--- START ---

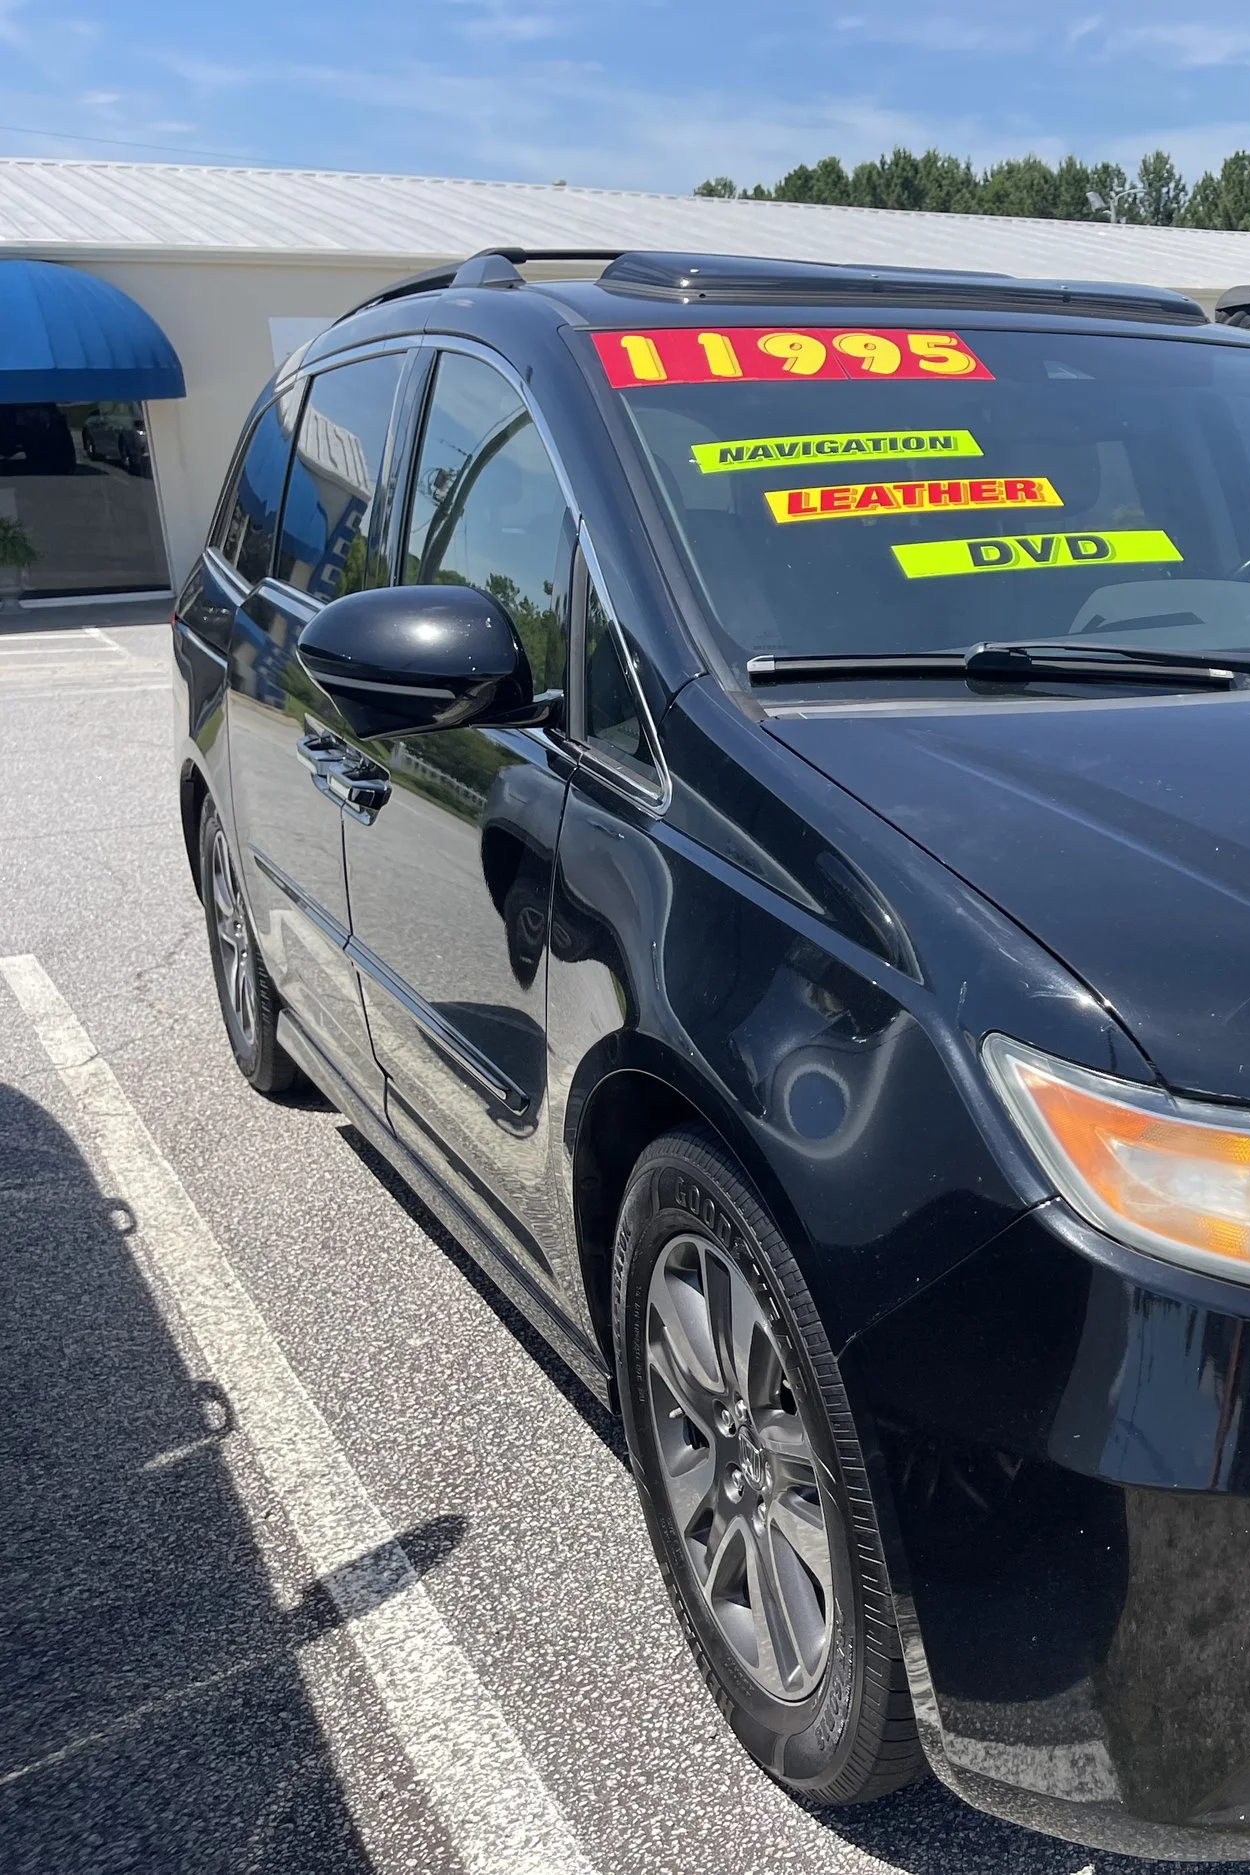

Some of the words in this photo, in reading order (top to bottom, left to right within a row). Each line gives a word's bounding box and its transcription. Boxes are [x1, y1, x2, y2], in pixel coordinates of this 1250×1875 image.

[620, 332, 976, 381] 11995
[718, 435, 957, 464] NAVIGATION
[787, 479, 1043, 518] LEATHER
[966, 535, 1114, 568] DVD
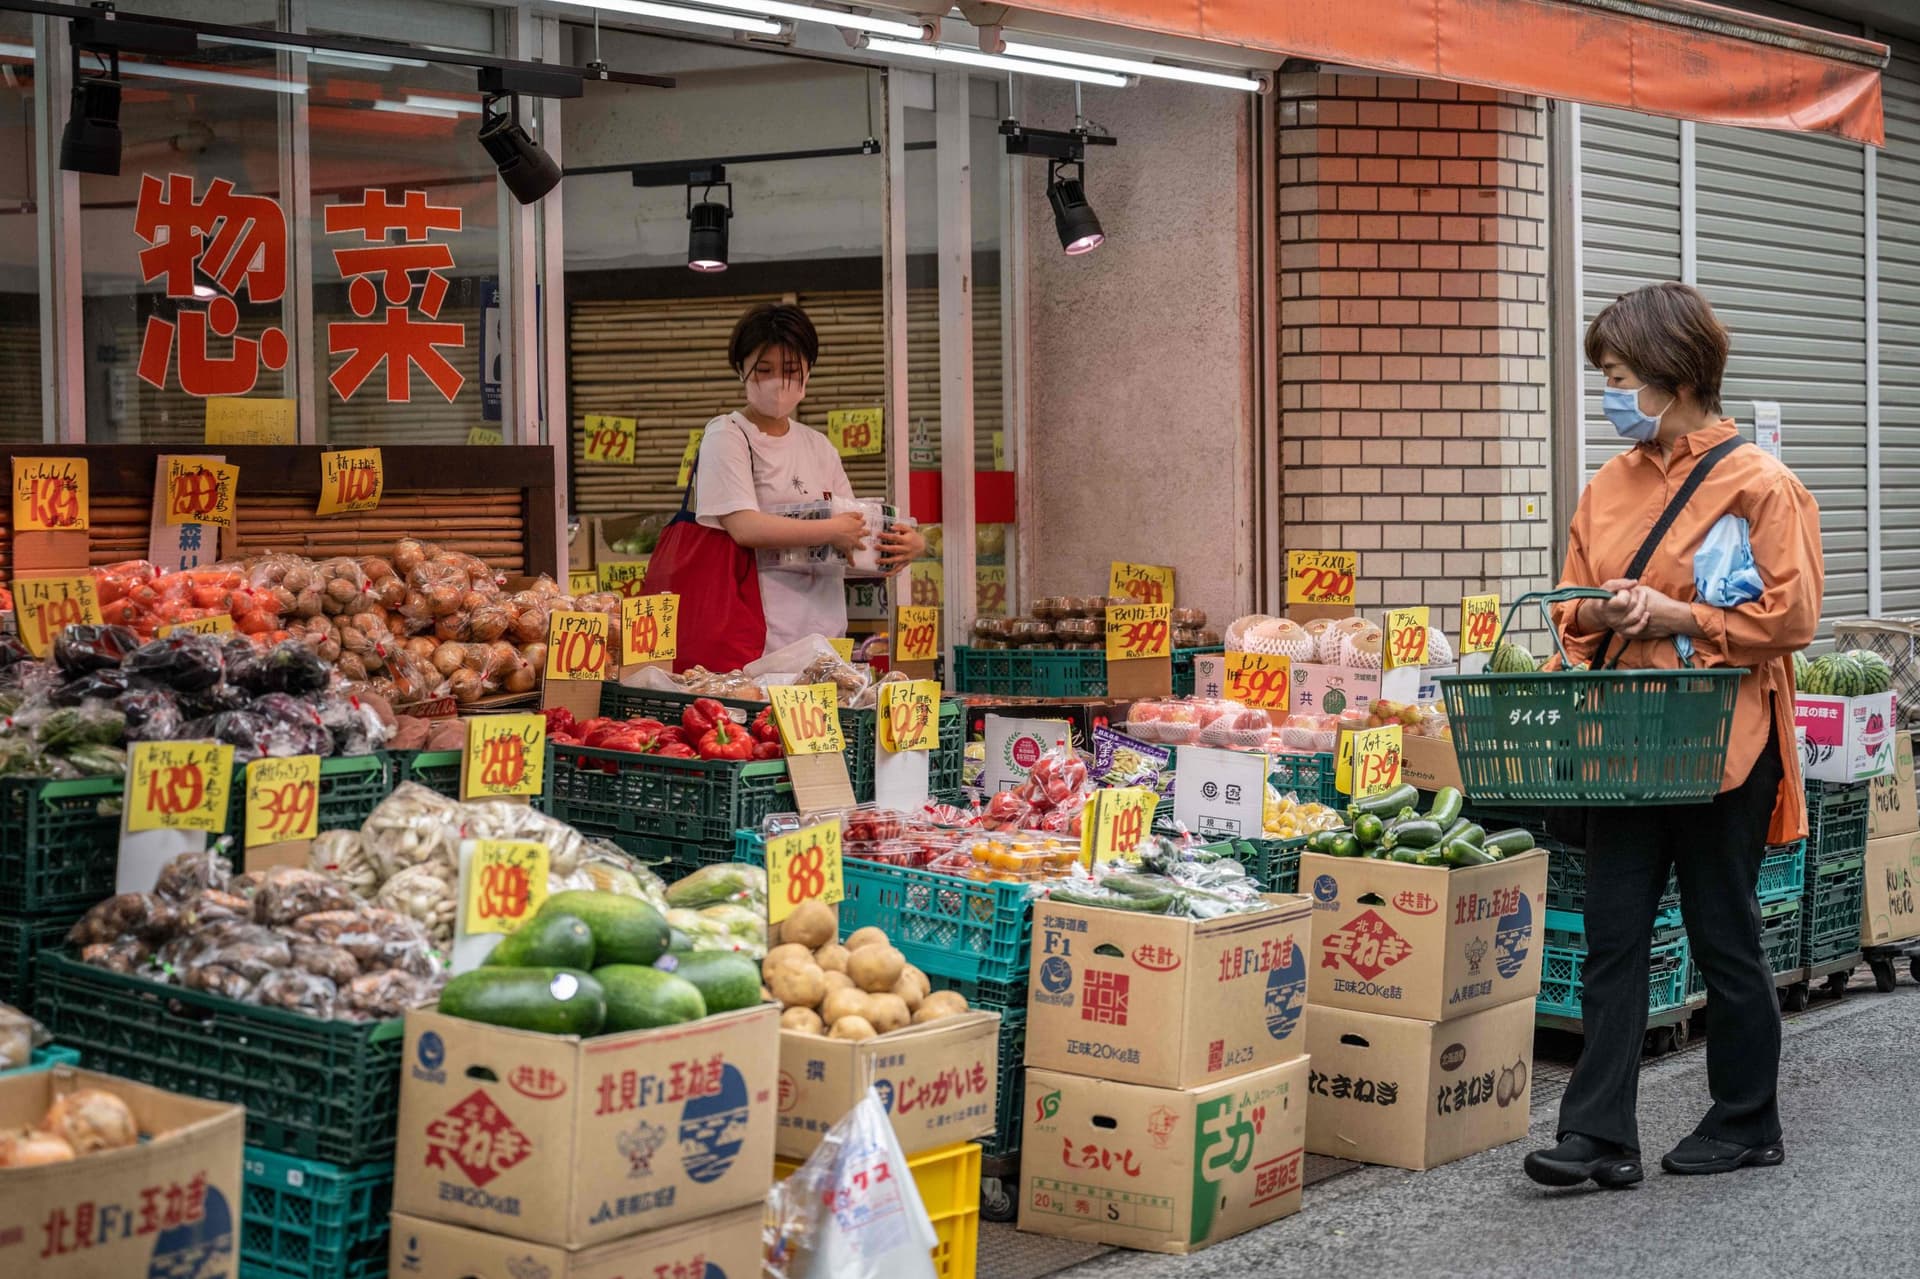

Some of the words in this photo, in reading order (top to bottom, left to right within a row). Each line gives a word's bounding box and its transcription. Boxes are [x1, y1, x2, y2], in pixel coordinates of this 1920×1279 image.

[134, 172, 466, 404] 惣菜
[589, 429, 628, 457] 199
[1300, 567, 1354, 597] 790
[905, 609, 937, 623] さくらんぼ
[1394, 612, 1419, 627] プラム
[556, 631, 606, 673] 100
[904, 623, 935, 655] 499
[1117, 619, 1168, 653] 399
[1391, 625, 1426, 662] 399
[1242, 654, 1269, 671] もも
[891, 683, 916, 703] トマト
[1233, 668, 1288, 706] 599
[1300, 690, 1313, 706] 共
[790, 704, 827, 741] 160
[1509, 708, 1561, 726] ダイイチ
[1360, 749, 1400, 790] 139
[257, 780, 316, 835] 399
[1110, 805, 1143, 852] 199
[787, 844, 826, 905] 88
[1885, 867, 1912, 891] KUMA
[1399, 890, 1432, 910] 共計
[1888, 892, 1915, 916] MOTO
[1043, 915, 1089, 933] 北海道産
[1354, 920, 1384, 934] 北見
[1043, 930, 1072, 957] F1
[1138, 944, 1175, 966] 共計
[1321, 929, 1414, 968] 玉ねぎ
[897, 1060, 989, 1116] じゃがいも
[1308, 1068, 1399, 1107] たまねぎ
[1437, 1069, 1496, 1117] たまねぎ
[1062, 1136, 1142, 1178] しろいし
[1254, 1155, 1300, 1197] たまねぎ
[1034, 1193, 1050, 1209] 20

--- END ---

YOUR ASSIGNMENT:
Please retype every record exactly, leaving the pictures out.

WRITTEN ANSWER:
Some of the words in this photo, in reading order (top to bottom, left to right within a row). Each line gives a word's bounding box and its transcription. Boxes are [x1, y1, x2, y2], in pixel coordinates of this 1250×1875 image.

[620, 332, 976, 381] 11995
[718, 435, 957, 464] NAVIGATION
[787, 479, 1043, 518] LEATHER
[966, 535, 1114, 568] DVD

Some of the words in this photo, in reading order (top to bottom, left to right within a row). Each line gives a word's bounding box and its transcription. Boxes are [x1, y1, x2, y2], in pixel coordinates of this 1920×1279 image.

[134, 172, 466, 404] 惣菜
[589, 429, 628, 457] 199
[1300, 567, 1354, 597] 790
[905, 609, 937, 623] さくらんぼ
[1394, 612, 1419, 627] プラム
[556, 631, 606, 673] 100
[904, 623, 935, 655] 499
[1117, 619, 1168, 653] 399
[1391, 625, 1426, 662] 399
[1242, 654, 1269, 671] もも
[891, 683, 916, 703] トマト
[1233, 668, 1288, 706] 599
[1300, 690, 1313, 706] 共
[790, 704, 827, 741] 160
[1509, 708, 1561, 726] ダイイチ
[1360, 749, 1400, 790] 139
[257, 780, 316, 835] 399
[1110, 805, 1143, 852] 199
[787, 844, 826, 905] 88
[1885, 867, 1912, 891] KUMA
[1399, 890, 1432, 910] 共計
[1888, 892, 1915, 916] MOTO
[1043, 915, 1089, 933] 北海道産
[1354, 920, 1384, 934] 北見
[1043, 930, 1072, 957] F1
[1138, 944, 1175, 966] 共計
[1321, 929, 1414, 968] 玉ねぎ
[897, 1060, 989, 1116] じゃがいも
[1308, 1068, 1399, 1107] たまねぎ
[1437, 1069, 1496, 1117] たまねぎ
[1062, 1136, 1142, 1178] しろいし
[1254, 1155, 1300, 1197] たまねぎ
[1034, 1193, 1050, 1209] 20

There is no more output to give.